There are well marked trails, and a number of hides, but for a moment I am thrown by the sign that prohibits dogs, “Except Guide Dogs.”  With na├»ve prejudice I wonder why anyone with a guide dog would be bird watching, but I immediately realise my mistake and foolishly close my eyes to listen.  It is indeed easier to hear some birds than see them, and of course in many cases, as with the blackbird that woke me in the early hours, hearing their song is the best part of getting close to them.  In fact, one of the most exciting birds on the reserve at this time is a Bittern, and he is hardly seen at all, though his booming call is eerily unmistakable.
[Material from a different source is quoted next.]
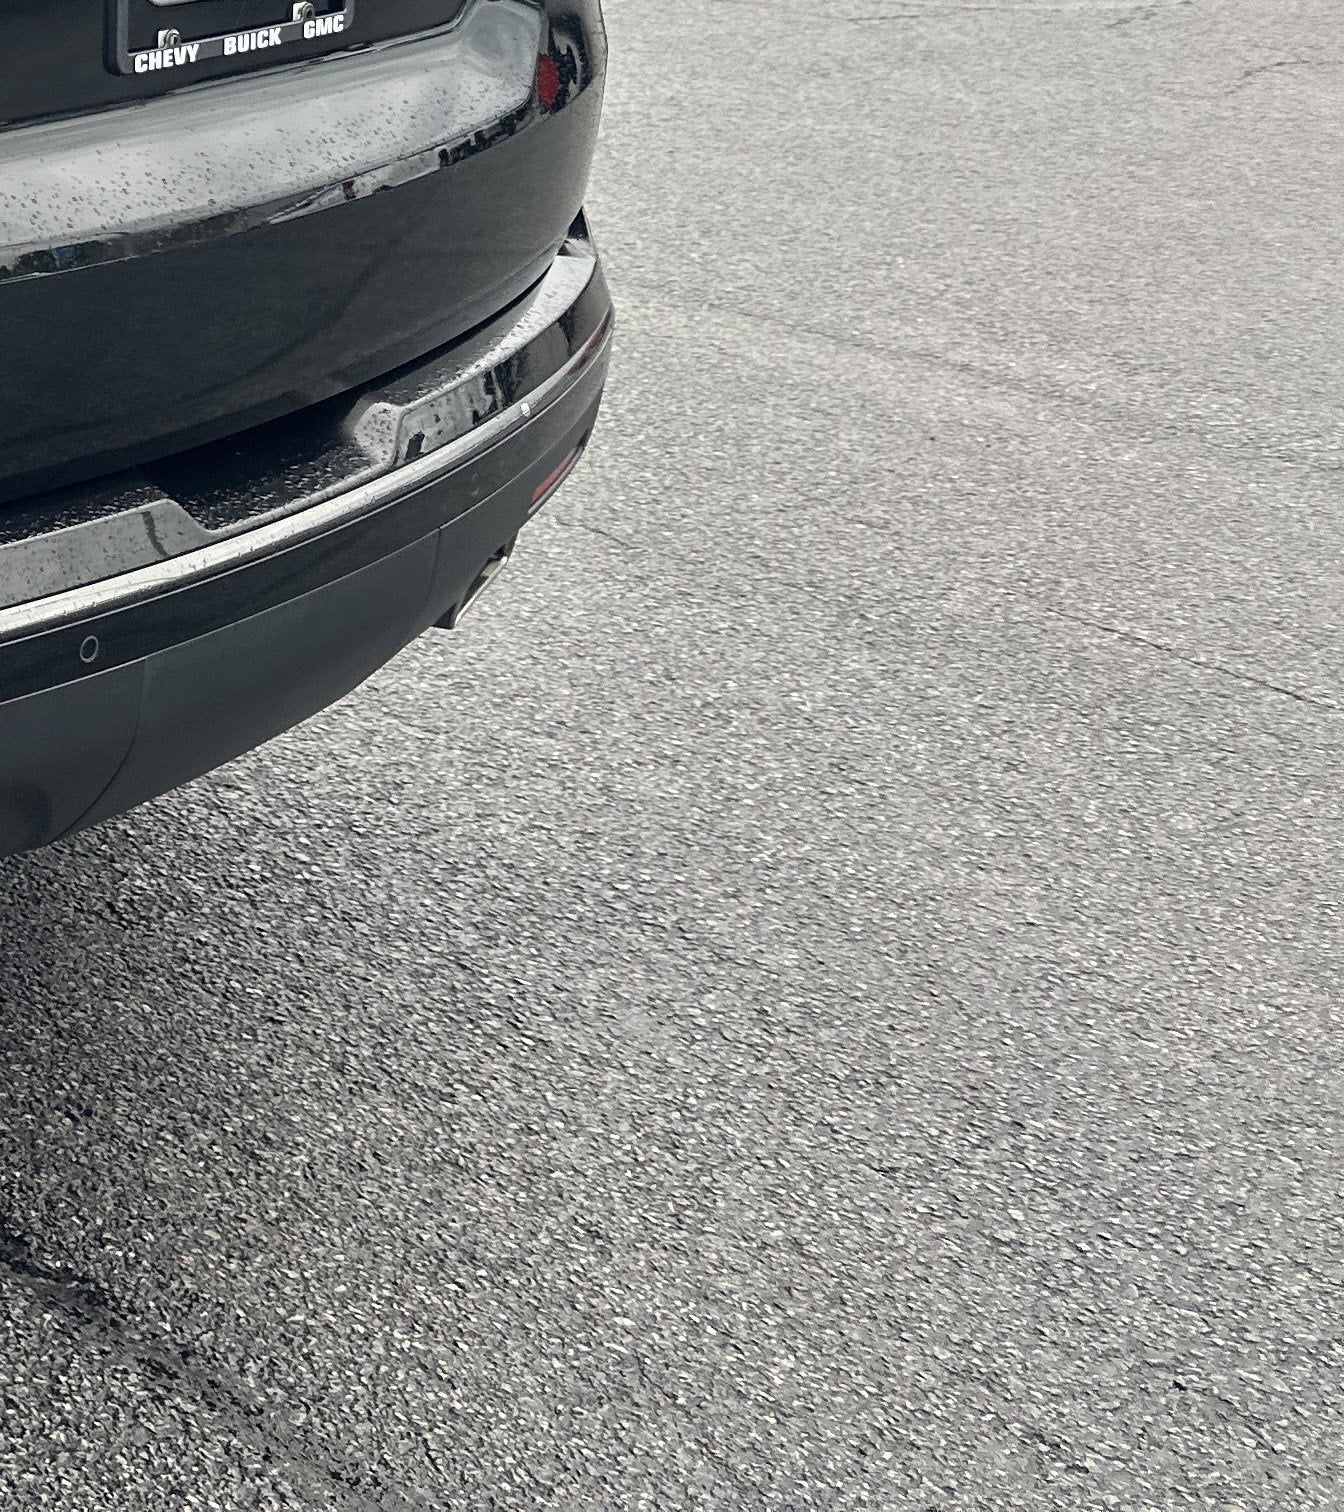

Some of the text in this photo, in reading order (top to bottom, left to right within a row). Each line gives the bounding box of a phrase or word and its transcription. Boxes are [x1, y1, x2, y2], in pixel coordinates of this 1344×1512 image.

[134, 14, 344, 73] CHEVY BUICK GMC
After a cup of tea in the visitor centre, admiring the equanimity of the ducks and divers who completely ignore the brooding powerhouse that hums behind them, I move on to the extremity of the peninsular.  Here, under the black tower of the old lighthouse, the white stripe of the new one, and the grey blocks of the generating station, lie shacks and cottages and railway carriages in what must be the most unusual village in England.  Boats are drawn up on the shingle ridges near the sea, and skeletons of old vessels and old huts litter the landscape,  And then there are the cottages, mostly black with pitch, and chained up tight, but some bear signs of life.
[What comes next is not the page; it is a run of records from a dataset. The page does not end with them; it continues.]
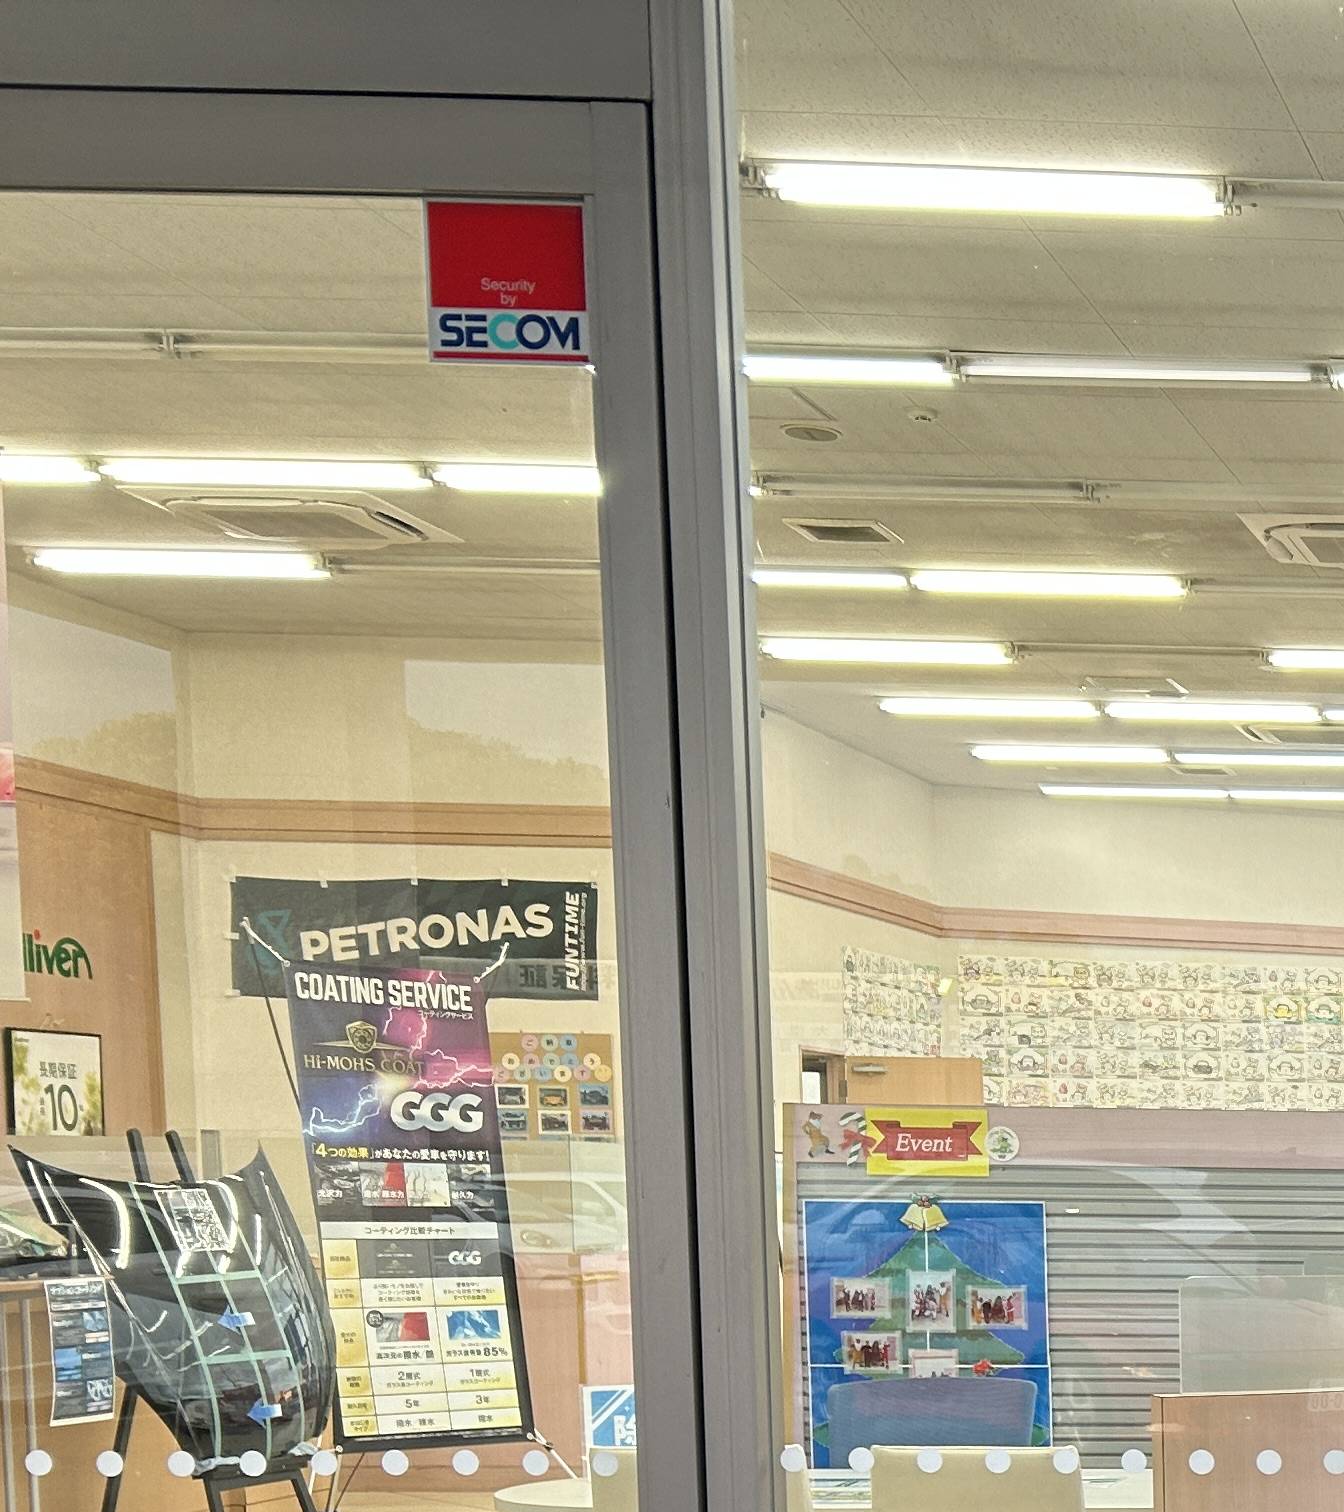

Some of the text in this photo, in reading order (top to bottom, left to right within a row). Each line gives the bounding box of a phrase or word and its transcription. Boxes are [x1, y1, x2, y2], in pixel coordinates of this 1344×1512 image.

[480, 277, 536, 294] Security
[500, 292, 517, 307] by
[439, 313, 581, 350] SECOM
[300, 904, 554, 961] PETRONAS
[564, 891, 581, 991] FUNTIME
[294, 972, 473, 1012] COATING SERVICE
[380, 1059, 424, 1074] COAT
[44, 1084, 79, 1131] 10
[390, 1091, 484, 1132] GGG
[895, 1133, 953, 1152] Event
[448, 1251, 482, 1265] GGG
The Film Maker Derek Jarman’s cottage and garden is one of these.  He first came here in 1986 and continued to visit, and to develop his extraordinary garden, until his death in 1994.  He made the most of the horned poppies and sea kale that like it here, but he also introduced other species that took root in the shingle and survived the gales and salty spray.  I don’t know what Prospect Cottage cost when it was constructed eighty years before, or when he bought it, but it would seem to be worth in the region of £200,000 now. 

On January 1st 1989 Jarman wrote, in “Modern Nature”:
The view from my kitchen at the back of the house is bounded to the left by the old Dungeness lighthouse, and the iron grey bulk of the nuclear reactor – in front of which dark green broom and gorse, bright with yellow flowers, have formed little islands in the shingle, ending in a scrubby copse of sallow and ash dwarfed and blasted by the gales.

And on February 13th the same year he wrote:

to whom it may concern
in the dead stones of a planet
 no longer remembered as earth
 may he decipher this opaque hieroglyph
 perform an archaeology of soul
 on these precious fragments
 all that remains of our vanished days
 here – at the sea’s edge
 I have planted a stony garden
 dragon tooth dolmen spring up
 to defend the porch
 steadfast warriors

I drive back down the Coast Road to New Romney, a violent storm towering over the hills inland, and then turn west, back through Rye and Winchelsea, and on into leafy Sussex, so different from the desolate stony shore behind me.

For a rest I take a walk into Fore Wood nature reserve at Crowhurst, a linear village not far from Battle.  This is another RSPB site, but of a very different nature.  The sandstone is pierced by steep ghylls, but otherwise it is gently sloping woodland, coppiced in places, carpeted by bluebells and wood anemones, and delicately green with the new leaves of Hornbeam.  I step quietly along the trail, a chattering of tits spiking the air around me, and suddenly I confront a fox.  He stands before me, magnificently sharp nosed and rufus.  His eyes pierce mine, and I am stone, memories of lawrentian snake and mountain lion invading me.  He looks at me as if he is a god, and slowly, with unconcern, he steps into the undergrowth, without a word.

I move forward, startling a blackbird, who wryly cackles off through the trees.